ARTICLE

Bond Copilot: Unleashing Refinitiv Data Library Search API with AI (LLM) - LangChain Python library

September 12, 2023

AUTHOR:

Zansong Zhu

Raksina Samasiri

Introduction

The Refinitiv Data Library (RD Library) Search API extends its capabilities to LSEG desktop users, enabling them to programmatically explore an expansive repository of high-quality financial content, spanning various asset classes such as bonds, equities, FX, organizations, individuals, and more. A comprehensive tutorial on utilizing the RD Library Search API has been meticulously crafted by Nick Zincone, available here.

Large Language Models (LLMs) such as OpenAI's GPT, Meta's Llama2, and Google's Bard are sophisticated AI models that have been extensively trained on vast textual datasets. They possess the ability to discern patterns in natural language, generate coherent text, and provide insights across a wide spectrum of subjects.
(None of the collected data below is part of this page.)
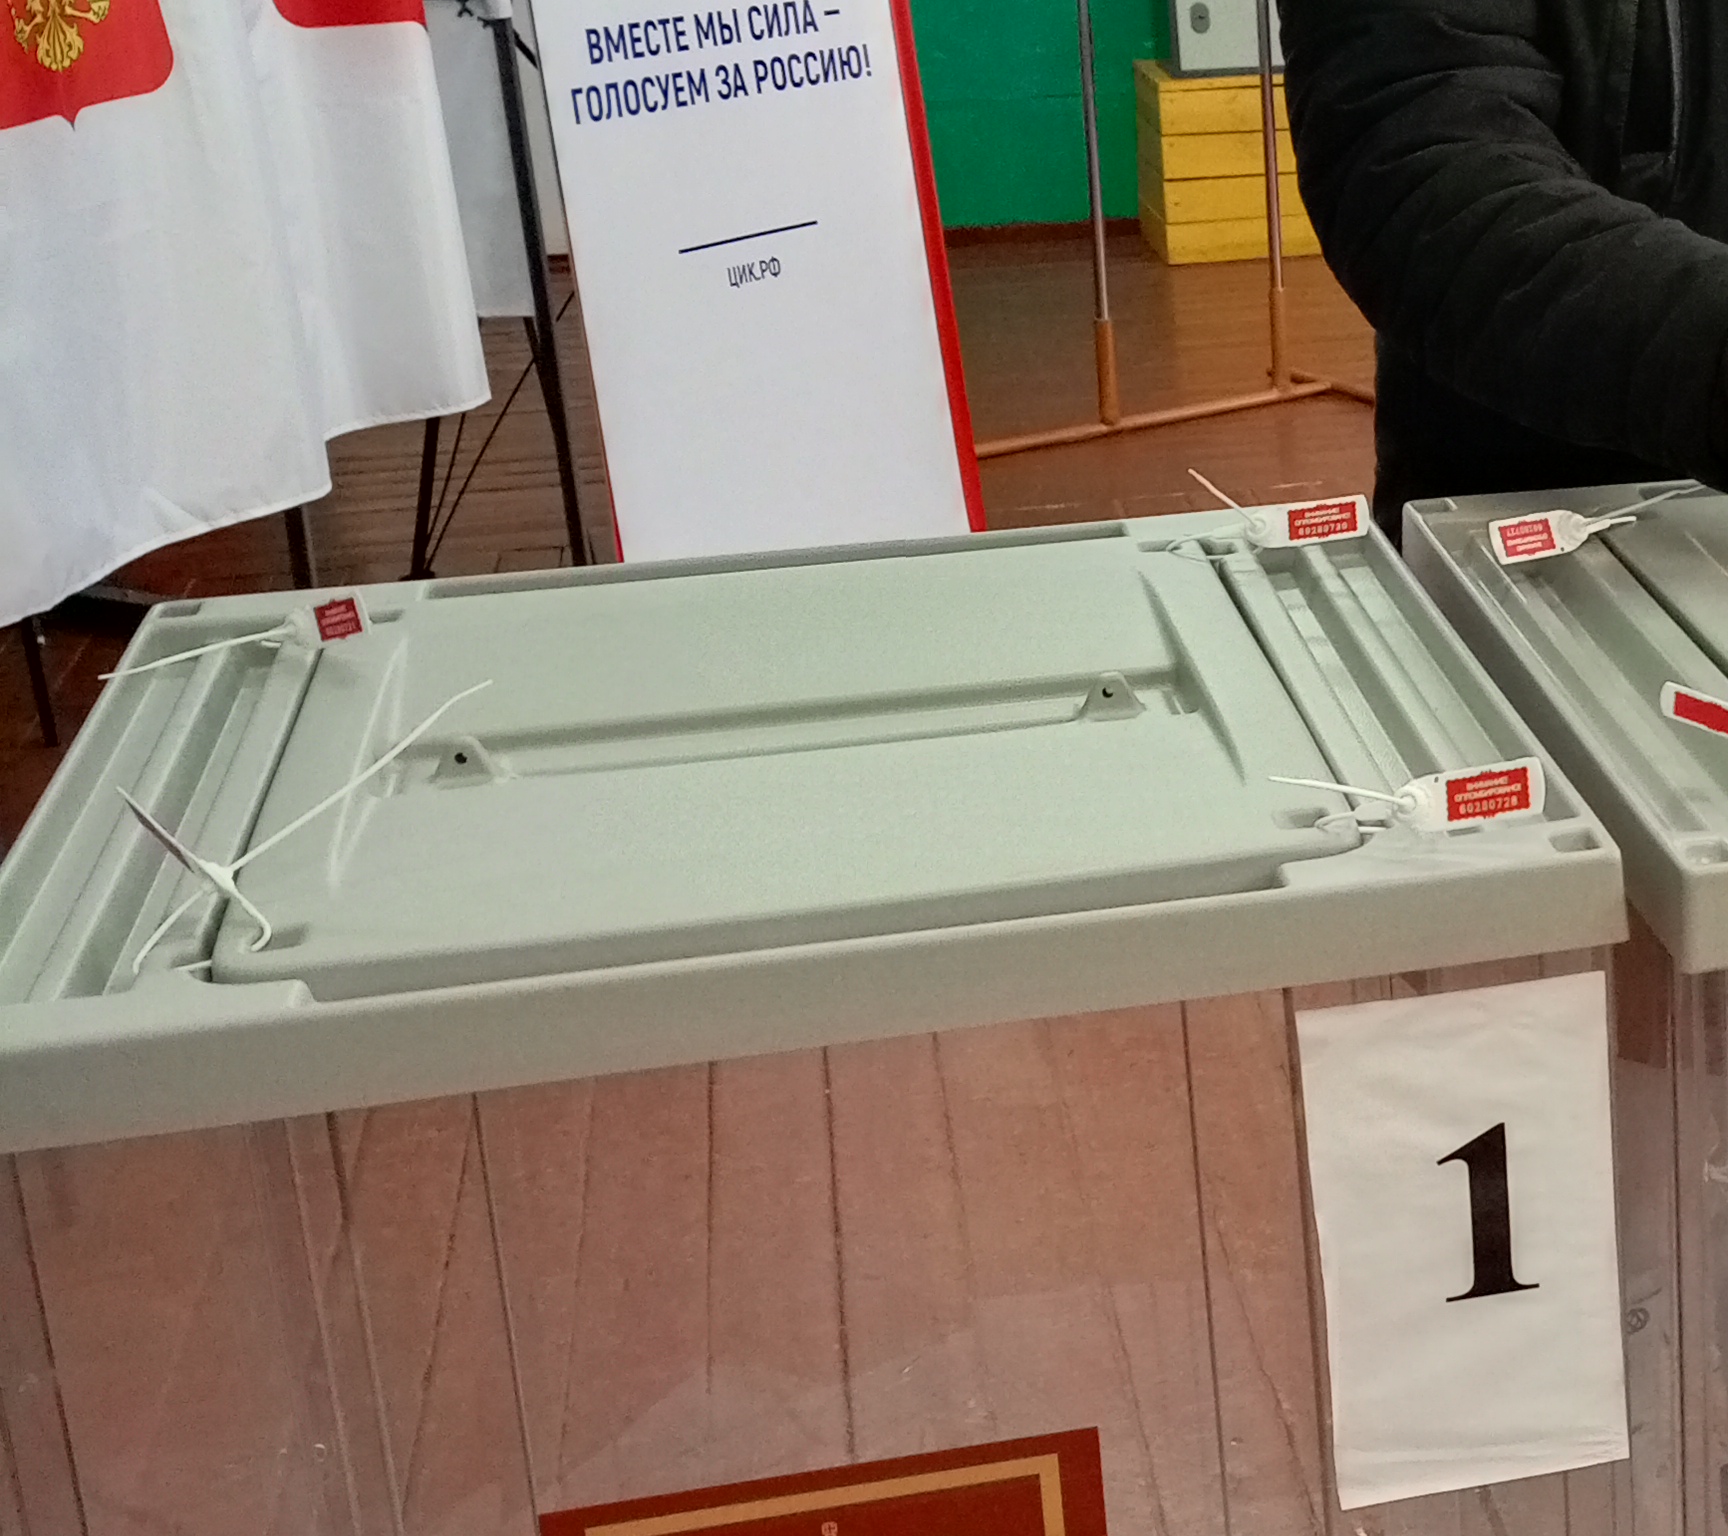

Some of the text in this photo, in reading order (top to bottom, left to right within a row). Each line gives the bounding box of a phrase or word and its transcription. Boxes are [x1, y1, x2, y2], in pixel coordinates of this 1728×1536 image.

[585, 15, 690, 66] ВМЕСТЕ
[694, 7, 741, 48] МЫ
[570, 43, 873, 125] ГОЛОСУЕМ ЗА РОССИЮ!
[728, 257, 781, 289] ЦИК.РФ
[1436, 1121, 1539, 1302] 1
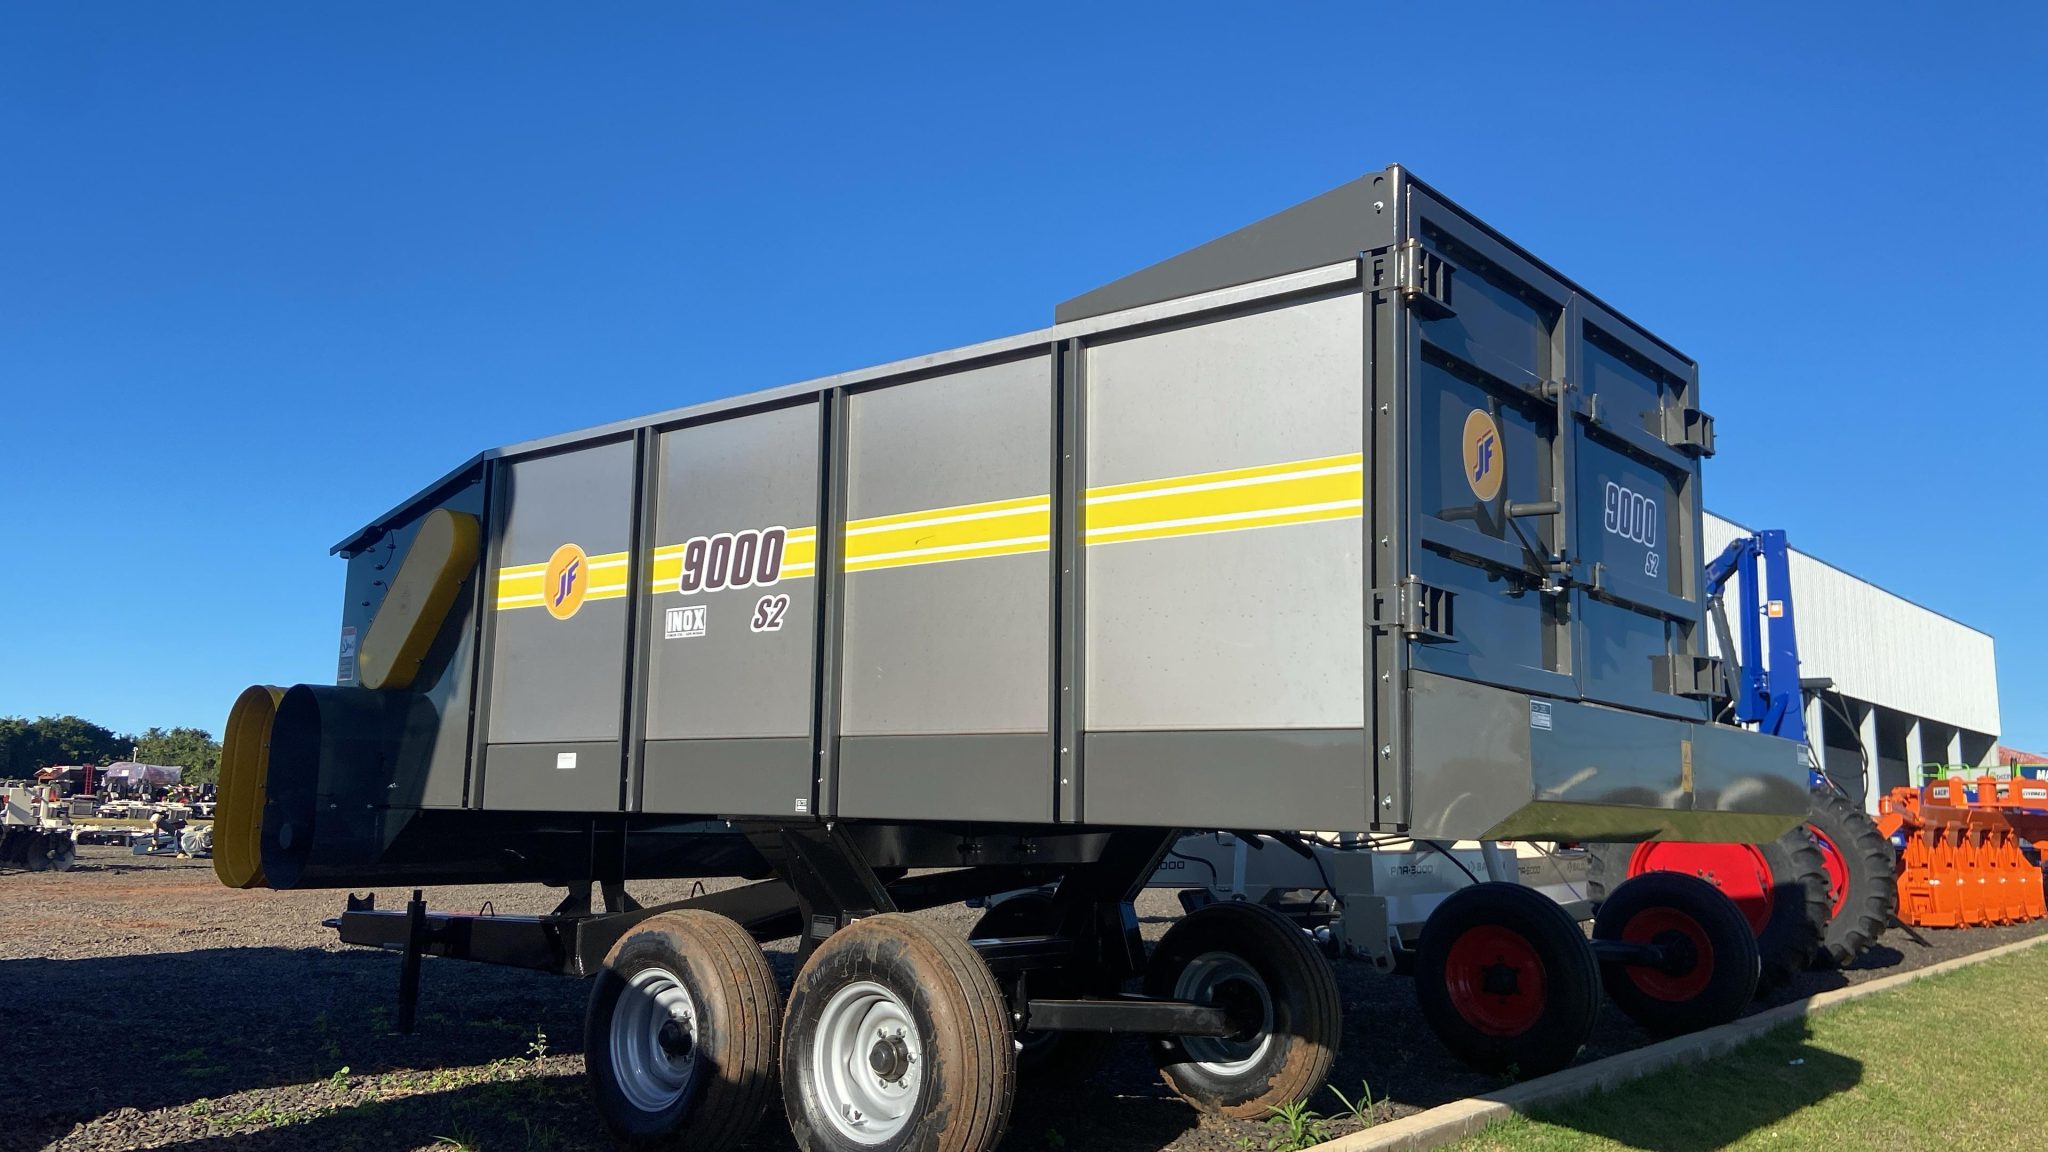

LangChain emerges as an open-source integration framework designed to seamlessly connect LLM models with external data sources and environments. It facilitates the interaction between LLMs and their surroundings, enhancing their versatility.

The Copilot concept, pioneered by Microsoft in the age of Large Language Models, seeks to create a harmonious and collaborative interplay between human and machine intelligence. It aspires to forge a fluid synergy where both entities complement each other's strengths.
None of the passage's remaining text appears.